Therefore \det (\lambda - A) = 0 \Leftrightarrow \lambda = (1 \pm \sqrt{5})/2, and we obtain

(3)   \begin{align*} \lambda_\pm = \frac{1 \pm \sqrt{5}}{2}.  \end{align*}

(3) Since it holds that

(4)   \begin{align*} (\lambda_\pm - A) = \left( \begin{matrix} \lambda_\pm & -1 \\ -1 & - \lambda_\mp \\ \end{matrix} \right),  \end{align*}

an eigenvector u_\pm for the eigenvalue \lambda_\pm is

(5)   \begin{align*} u_\pm = \left( \begin{matrix} 1 \\ \lambda_\pm \\ \end{matrix} \right). \end{align*}

Hence we obtain

(6)   \begin{align*} P^{-1}AP = \left( \begin{matrix} \lambda_+ & 0 \\ 0 & \lambda_- \\ \end{matrix} \right), \end{align*}

where P = (u_+ ,u_-).

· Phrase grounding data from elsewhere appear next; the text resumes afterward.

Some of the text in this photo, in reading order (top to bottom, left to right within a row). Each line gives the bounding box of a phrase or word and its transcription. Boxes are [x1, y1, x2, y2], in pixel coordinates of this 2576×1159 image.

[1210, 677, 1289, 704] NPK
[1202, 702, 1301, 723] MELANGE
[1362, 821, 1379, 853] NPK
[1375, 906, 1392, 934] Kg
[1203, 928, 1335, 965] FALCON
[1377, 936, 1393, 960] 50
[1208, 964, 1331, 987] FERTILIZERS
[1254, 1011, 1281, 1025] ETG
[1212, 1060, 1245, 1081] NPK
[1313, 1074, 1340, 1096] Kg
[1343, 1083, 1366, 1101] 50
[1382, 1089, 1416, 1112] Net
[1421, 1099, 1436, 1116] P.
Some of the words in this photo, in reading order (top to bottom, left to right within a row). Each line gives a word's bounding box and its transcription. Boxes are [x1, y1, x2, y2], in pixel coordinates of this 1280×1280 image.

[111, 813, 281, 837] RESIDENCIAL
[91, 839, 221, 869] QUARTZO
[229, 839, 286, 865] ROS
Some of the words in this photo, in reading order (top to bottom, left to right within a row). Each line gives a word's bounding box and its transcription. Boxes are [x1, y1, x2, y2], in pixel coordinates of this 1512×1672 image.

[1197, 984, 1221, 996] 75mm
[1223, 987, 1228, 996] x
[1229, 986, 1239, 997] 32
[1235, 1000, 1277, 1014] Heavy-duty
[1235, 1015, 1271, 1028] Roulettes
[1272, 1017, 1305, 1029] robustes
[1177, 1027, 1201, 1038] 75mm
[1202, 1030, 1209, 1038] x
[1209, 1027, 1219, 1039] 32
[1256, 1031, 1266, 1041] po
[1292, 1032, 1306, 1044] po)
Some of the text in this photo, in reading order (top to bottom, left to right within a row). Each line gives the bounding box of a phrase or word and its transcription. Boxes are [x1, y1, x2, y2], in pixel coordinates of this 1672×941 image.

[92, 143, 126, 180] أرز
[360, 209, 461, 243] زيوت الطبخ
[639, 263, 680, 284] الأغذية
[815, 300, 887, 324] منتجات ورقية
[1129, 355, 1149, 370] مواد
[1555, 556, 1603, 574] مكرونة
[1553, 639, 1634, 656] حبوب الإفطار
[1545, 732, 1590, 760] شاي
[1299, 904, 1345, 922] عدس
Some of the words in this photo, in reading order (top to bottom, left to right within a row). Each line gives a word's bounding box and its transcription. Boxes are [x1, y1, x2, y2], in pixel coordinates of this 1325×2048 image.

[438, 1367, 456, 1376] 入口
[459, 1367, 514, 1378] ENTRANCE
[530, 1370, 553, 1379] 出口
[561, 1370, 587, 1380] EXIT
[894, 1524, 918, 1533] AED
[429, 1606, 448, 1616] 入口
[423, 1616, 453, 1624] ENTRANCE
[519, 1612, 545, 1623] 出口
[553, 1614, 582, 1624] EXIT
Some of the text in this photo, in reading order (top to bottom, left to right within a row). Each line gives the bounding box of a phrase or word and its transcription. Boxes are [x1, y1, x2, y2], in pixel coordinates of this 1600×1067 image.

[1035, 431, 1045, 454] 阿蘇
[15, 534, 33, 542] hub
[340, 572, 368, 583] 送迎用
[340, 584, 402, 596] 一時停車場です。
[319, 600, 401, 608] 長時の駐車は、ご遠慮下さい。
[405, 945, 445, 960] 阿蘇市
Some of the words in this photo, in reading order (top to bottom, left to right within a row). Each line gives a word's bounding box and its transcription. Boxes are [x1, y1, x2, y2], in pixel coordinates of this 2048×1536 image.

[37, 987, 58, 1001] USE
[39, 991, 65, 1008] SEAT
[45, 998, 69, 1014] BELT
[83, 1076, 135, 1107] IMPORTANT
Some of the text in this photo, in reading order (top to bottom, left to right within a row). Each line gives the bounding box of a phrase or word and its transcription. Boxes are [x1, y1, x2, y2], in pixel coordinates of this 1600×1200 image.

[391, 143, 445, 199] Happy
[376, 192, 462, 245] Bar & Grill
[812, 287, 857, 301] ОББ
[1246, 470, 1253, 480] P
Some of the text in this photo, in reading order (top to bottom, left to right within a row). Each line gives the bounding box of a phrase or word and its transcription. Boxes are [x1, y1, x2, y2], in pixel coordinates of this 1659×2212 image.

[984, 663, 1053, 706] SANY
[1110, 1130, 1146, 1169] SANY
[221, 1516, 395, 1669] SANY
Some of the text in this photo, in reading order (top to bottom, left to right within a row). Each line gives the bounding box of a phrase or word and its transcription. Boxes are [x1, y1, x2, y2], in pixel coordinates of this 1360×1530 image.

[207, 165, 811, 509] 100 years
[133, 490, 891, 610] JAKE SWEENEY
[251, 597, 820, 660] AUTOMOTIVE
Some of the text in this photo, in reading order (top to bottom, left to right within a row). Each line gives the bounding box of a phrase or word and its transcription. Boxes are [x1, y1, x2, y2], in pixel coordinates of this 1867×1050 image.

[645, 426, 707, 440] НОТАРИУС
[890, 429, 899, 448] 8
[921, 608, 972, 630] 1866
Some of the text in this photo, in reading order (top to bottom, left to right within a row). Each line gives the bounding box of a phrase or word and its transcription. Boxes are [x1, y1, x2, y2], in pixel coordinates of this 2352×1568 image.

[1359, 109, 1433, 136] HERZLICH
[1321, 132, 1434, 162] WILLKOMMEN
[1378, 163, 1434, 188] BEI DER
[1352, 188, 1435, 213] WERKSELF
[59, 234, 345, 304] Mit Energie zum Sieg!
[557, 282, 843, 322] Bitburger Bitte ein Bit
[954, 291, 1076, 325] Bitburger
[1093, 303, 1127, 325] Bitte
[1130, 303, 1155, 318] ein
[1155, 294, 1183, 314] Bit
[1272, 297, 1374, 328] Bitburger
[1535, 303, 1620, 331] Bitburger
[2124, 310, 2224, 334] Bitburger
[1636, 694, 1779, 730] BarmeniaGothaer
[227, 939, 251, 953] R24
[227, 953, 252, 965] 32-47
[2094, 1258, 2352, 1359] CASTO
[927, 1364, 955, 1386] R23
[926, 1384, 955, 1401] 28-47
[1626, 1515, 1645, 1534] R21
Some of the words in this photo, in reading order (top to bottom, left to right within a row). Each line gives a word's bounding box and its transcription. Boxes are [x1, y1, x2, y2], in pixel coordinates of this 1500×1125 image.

Then it follows that

(7)   \begin{align*} P^{-1}A^nP = \left( \begin{matrix} \lambda_+^n & 0 \\ 0 & \lambda_-^n \\ \end{matrix} \right), \end{align*}

and we obtain the desired result. (4) Since we have

(8)   \begin{align*} \left( \begin{matrix} x_n \\ x_{n+1} \\ \end{matrix} \right) = A^{n-1} \left( \begin{matrix} x_1 \\ x_2 \\ \end{matrix} \right), \end{align*}

we can easily check that

(9)   \begin{align*} x_n = \frac{1}{\sqrt{5}}\left( \frac{1}{\lambda_+^2} + \frac{1}{\lambda_+} \right)\lambda_+^n + \frac{1}{\sqrt{5}}\left( \frac{1}{\lambda_-^2} + \frac{1}{\lambda_-} \right)\lambda_-^n = \frac{1}{\sqrt{5}}(\lambda_+^n - \lambda_-^n).  \end{align*}

Here we used the fact \lambda_\pm^2 - \lambda_\pm -1 = 0. (5) From the problem (3) and (4), we have

(10)   \begin{align*} A^n     = \left( \begin{matrix} x_{n-1} & x_n \\ x_n & x_{n+1} \\ \end{matrix} \right). \end{align*}

Hence we obtain

(11)   \begin{align*} y_n = a x_{n-2} + b x_{n-1}. \end{align*}

(6) It is obvious that D_2 = 2. By considering the cofactor expansion of D_n with respect to the first column, we have

(12)   \begin{align*} D_n &= D_{n-1} + \det \left( \begin{matrix} 1 & 0 & \ldots & 0 \\ -1 &&& \\ 0 &&& \\ \vdots &&\text{\Huge $D_{n-2}$}& \\ 0 &&&  \end{matrix} \right) \\ &= D_{n-1} + D_{n-2}. \end{align*}

Hence from the problem (5), we obtain

(13)   \begin{align*} D_n = x_{n-2} + 2x_{n-1}. \end{align*}

3

フーリエ変換の問題です. (4)以外は単純な計算問題です. (4)はs(\omega/2)^3の逆フーリエ変換を直接計算できるかと思いましたが, 計算がうまくいかなかったため, L^2におけるフーリエ変換のユニタリ性(特に単射性)を用いました. 少し大げさな解き方かもしれません.

(1)
We denote the Fourier transform of g as G.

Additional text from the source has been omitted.